▶ _Required work_: Each record must be written out again exactly. Skip any picture it contains.

▶ _Excerpted data_:
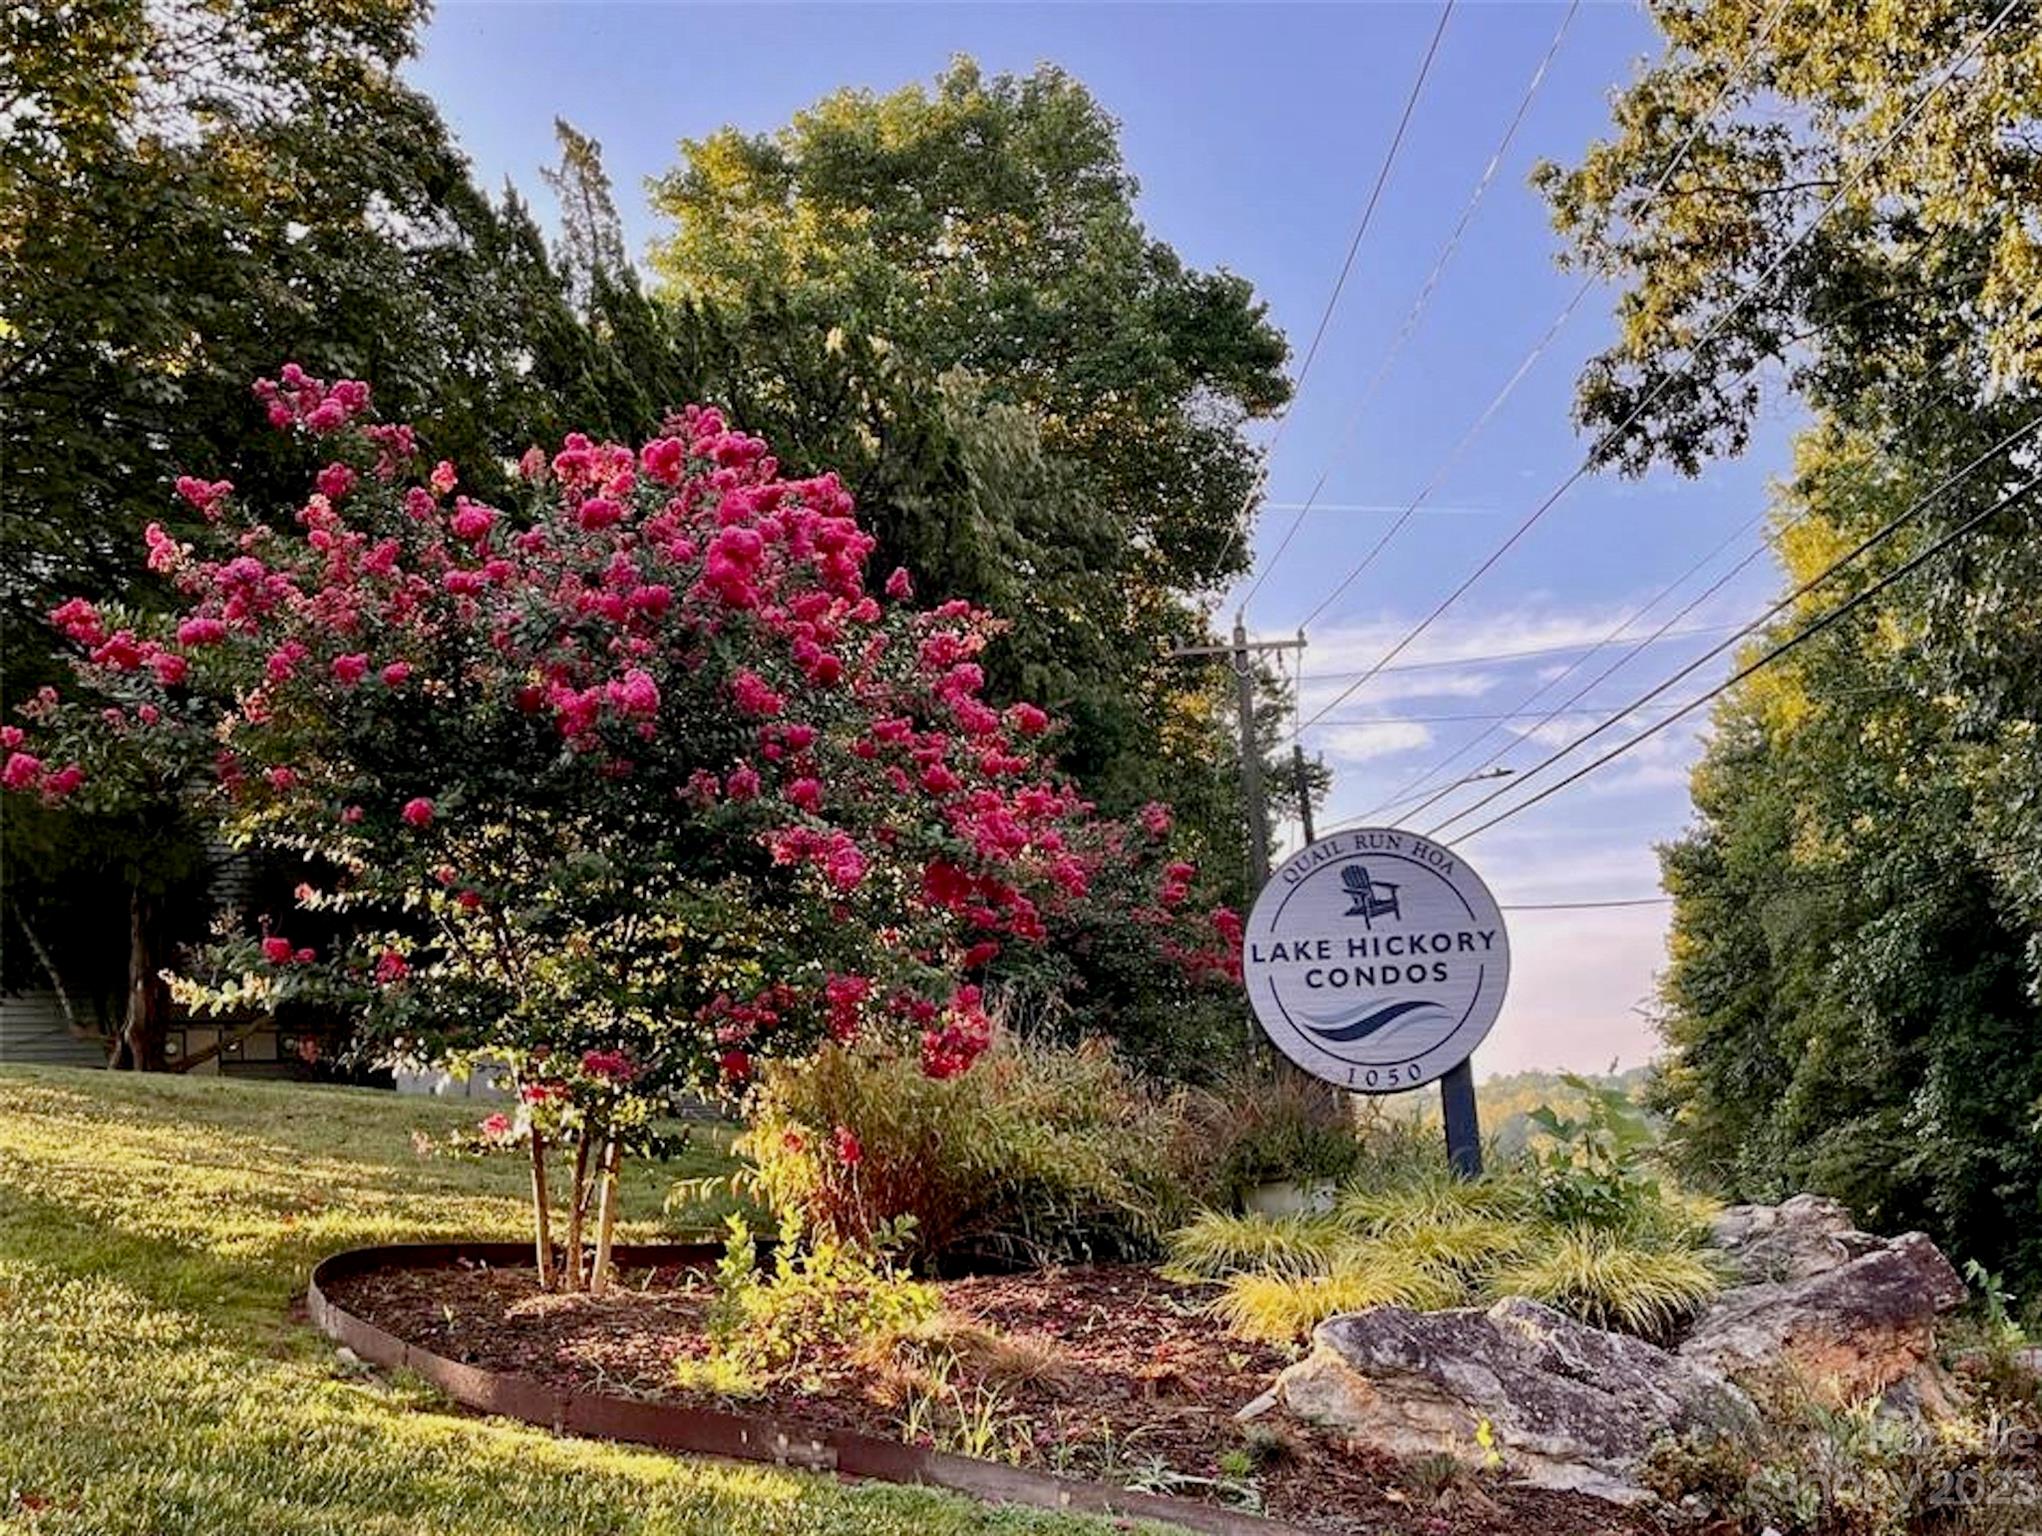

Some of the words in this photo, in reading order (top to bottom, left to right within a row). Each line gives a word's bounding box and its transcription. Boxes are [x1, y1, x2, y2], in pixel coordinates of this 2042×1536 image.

[1282, 840, 1344, 885] QUAIL
[1354, 833, 1403, 850] RUN
[1411, 841, 1454, 875] HOA
[1251, 940, 1331, 963] LAKE
[1347, 930, 1496, 958] HICKORY
[1305, 962, 1449, 989] CONDOS
[1348, 1062, 1422, 1087] 1050
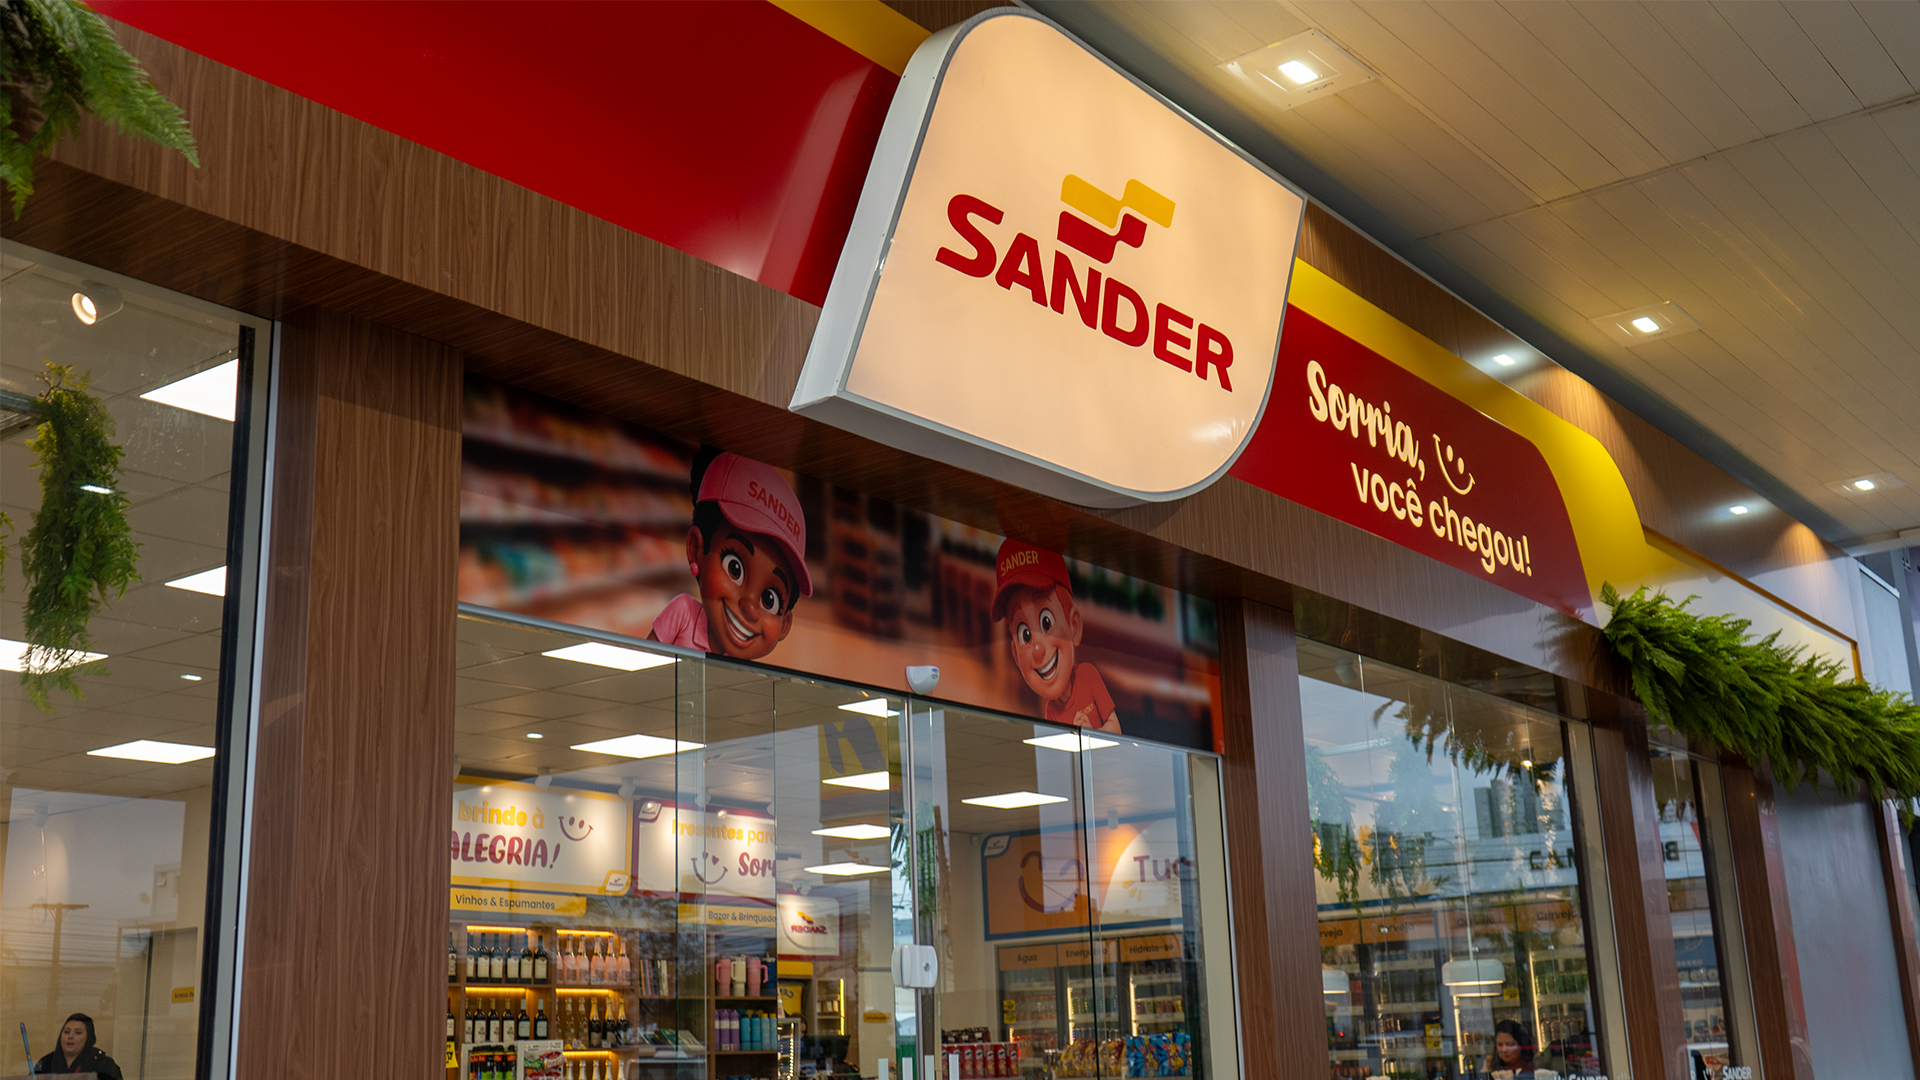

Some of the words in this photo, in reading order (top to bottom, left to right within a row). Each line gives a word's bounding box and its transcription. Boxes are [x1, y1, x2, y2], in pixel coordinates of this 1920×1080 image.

[935, 194, 1234, 393] SANDER
[1307, 360, 1426, 481] Sorria,
[748, 481, 801, 542] SANDER
[1351, 462, 1424, 528] você
[1429, 496, 1532, 577] chegou!
[1000, 550, 1040, 577] SANDER
[458, 800, 528, 827] brinde
[532, 807, 545, 829] à
[455, 894, 488, 906] Vinhos
[490, 897, 498, 907] &
[499, 898, 556, 910] Espumantes
[708, 911, 730, 920] Bazar
[731, 912, 738, 920] &
[1017, 953, 1037, 964] Água
[1722, 1065, 1753, 1080] SANDER
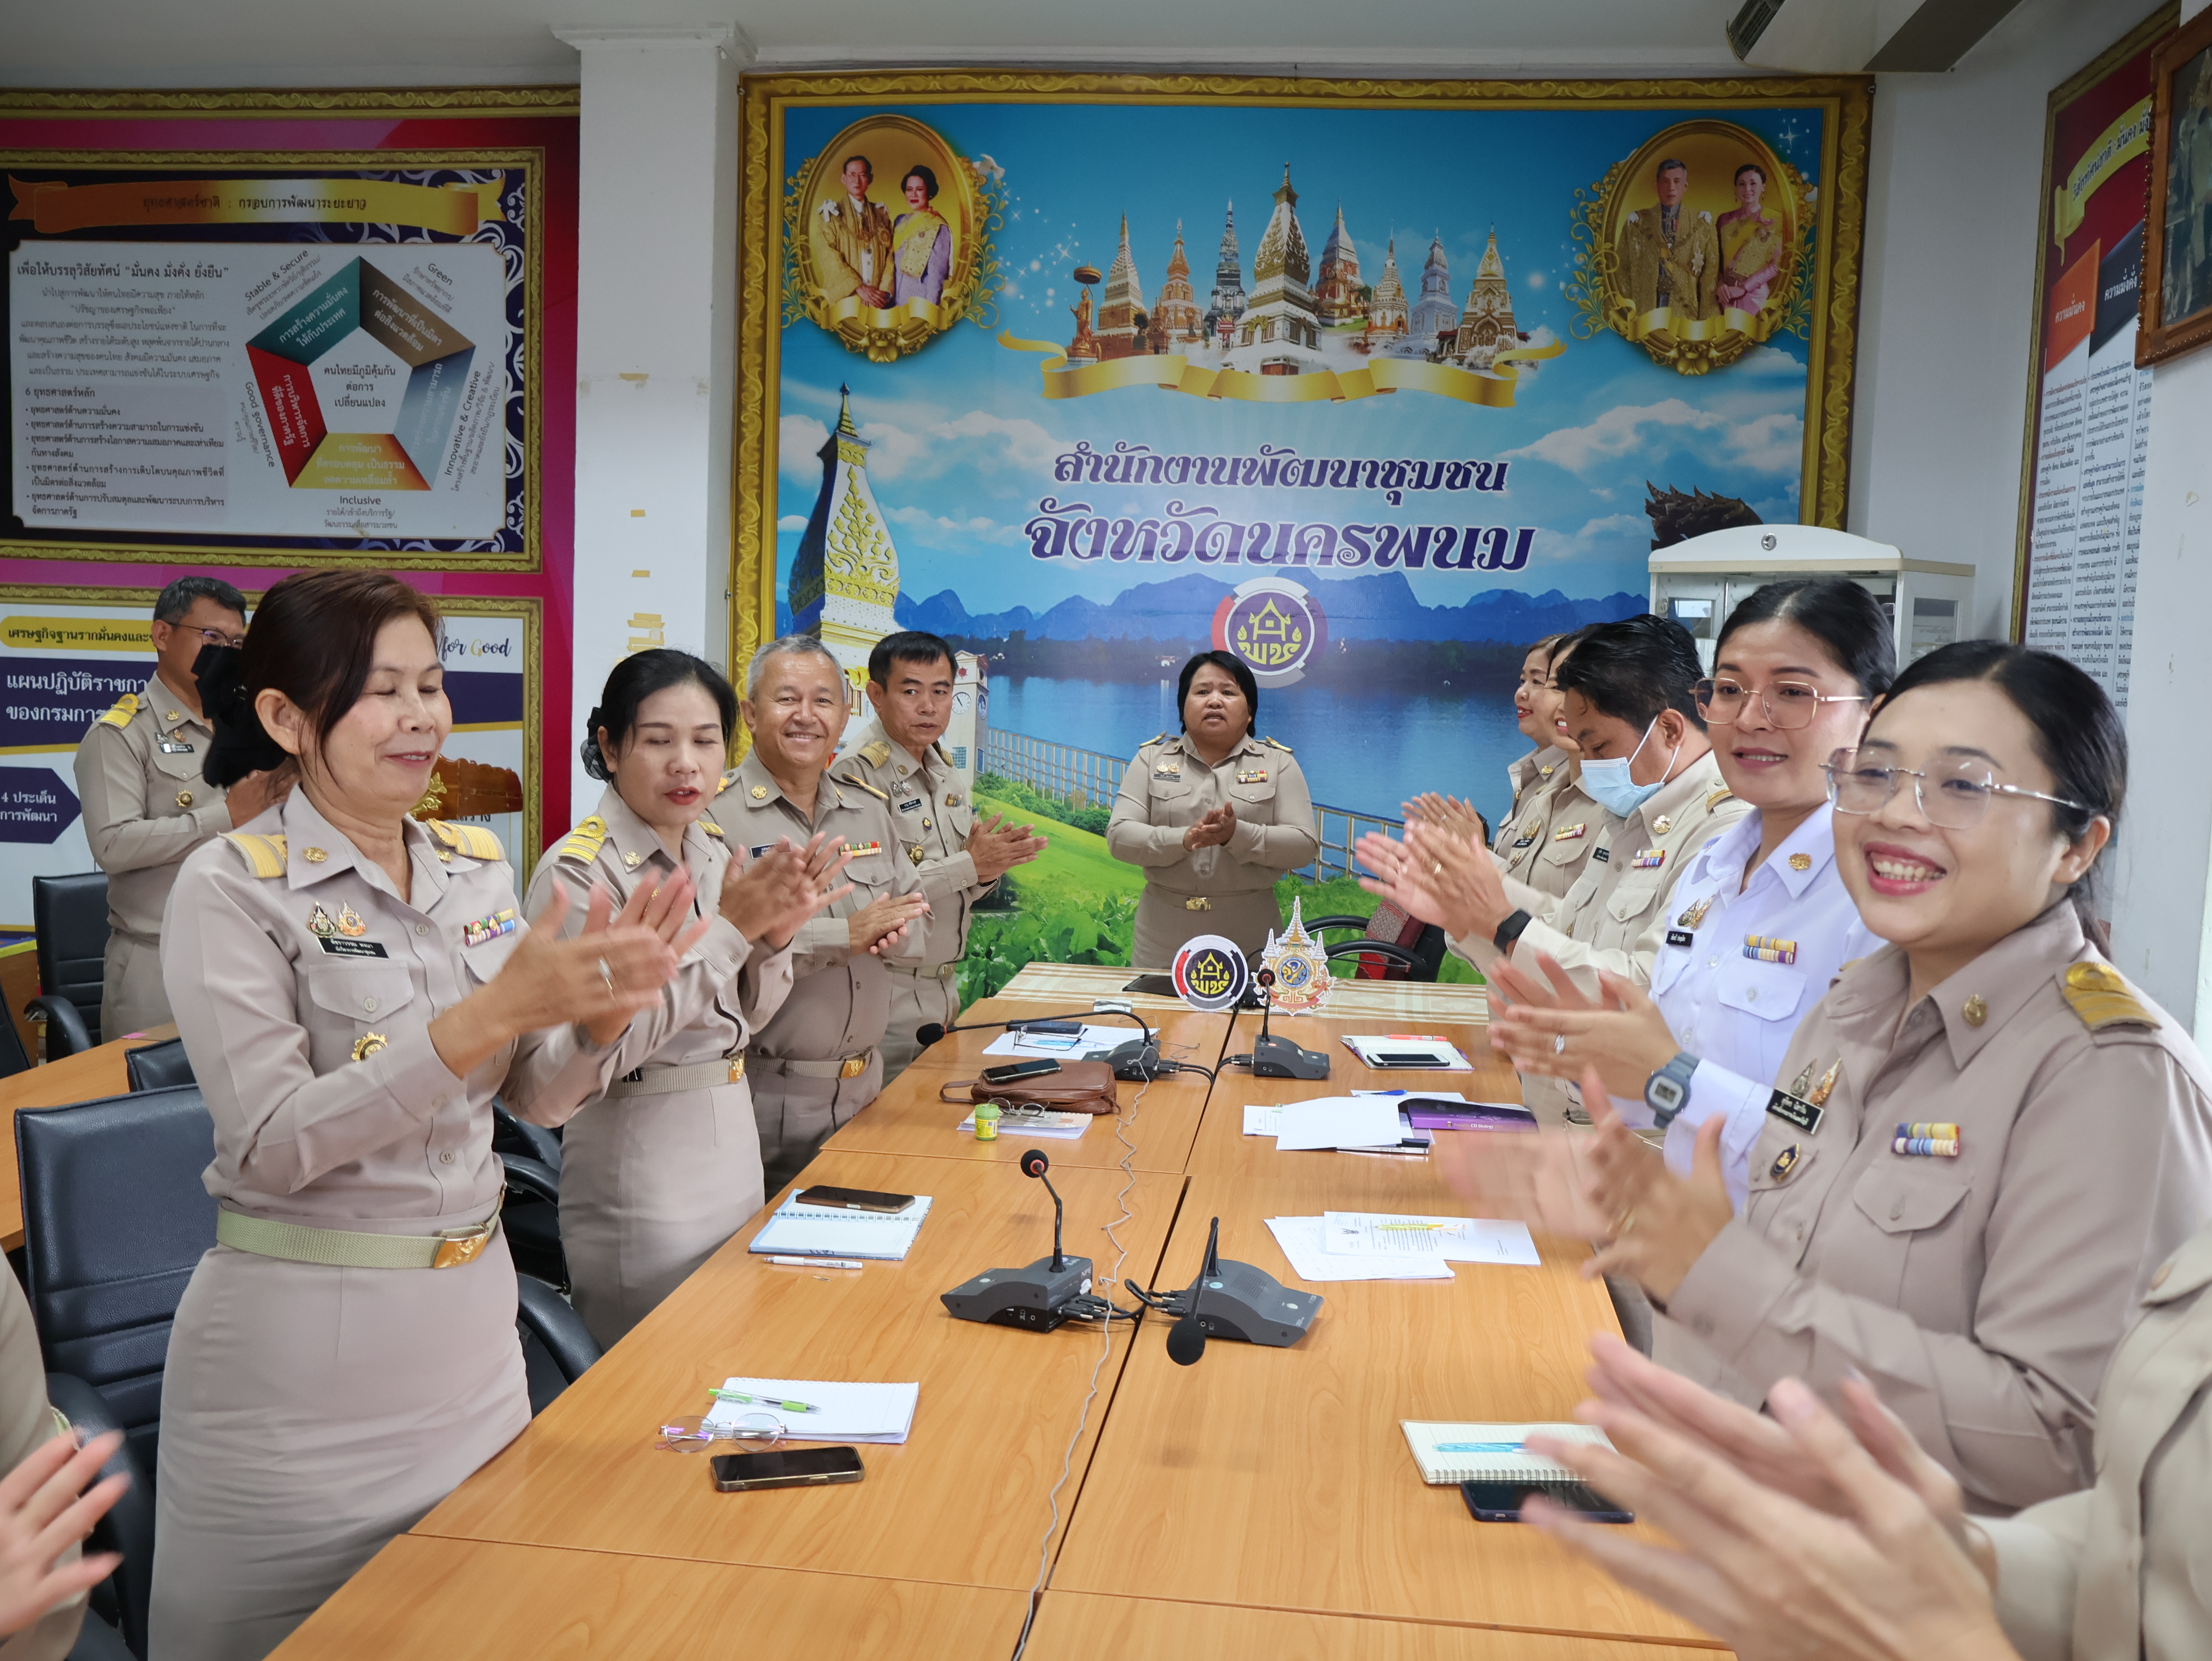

▶ _Output for this exercise_:
Some of the words in this photo, in reading order (top to bottom, left to right within a row). Each line gives a word's bounding box and its transcription. Boxes are [x1, y1, x2, y2], in pixel coordinates of this 2042×1536 image.

[1282, 840, 1344, 885] QUAIL
[1354, 833, 1403, 850] RUN
[1411, 841, 1454, 875] HOA
[1251, 940, 1331, 963] LAKE
[1347, 930, 1496, 958] HICKORY
[1305, 962, 1449, 989] CONDOS
[1348, 1062, 1422, 1087] 1050

Some of the words in this photo, in reading order (top to bottom, left to right within a row). Each line gives a word's bounding box and its transcription. Boxes are [x1, y1, x2, y2], in pixel coordinates of this 1920×1080 image.

[935, 194, 1234, 393] SANDER
[1307, 360, 1426, 481] Sorria,
[748, 481, 801, 542] SANDER
[1351, 462, 1424, 528] você
[1429, 496, 1532, 577] chegou!
[1000, 550, 1040, 577] SANDER
[458, 800, 528, 827] brinde
[532, 807, 545, 829] à
[455, 894, 488, 906] Vinhos
[490, 897, 498, 907] &
[499, 898, 556, 910] Espumantes
[708, 911, 730, 920] Bazar
[731, 912, 738, 920] &
[1017, 953, 1037, 964] Água
[1722, 1065, 1753, 1080] SANDER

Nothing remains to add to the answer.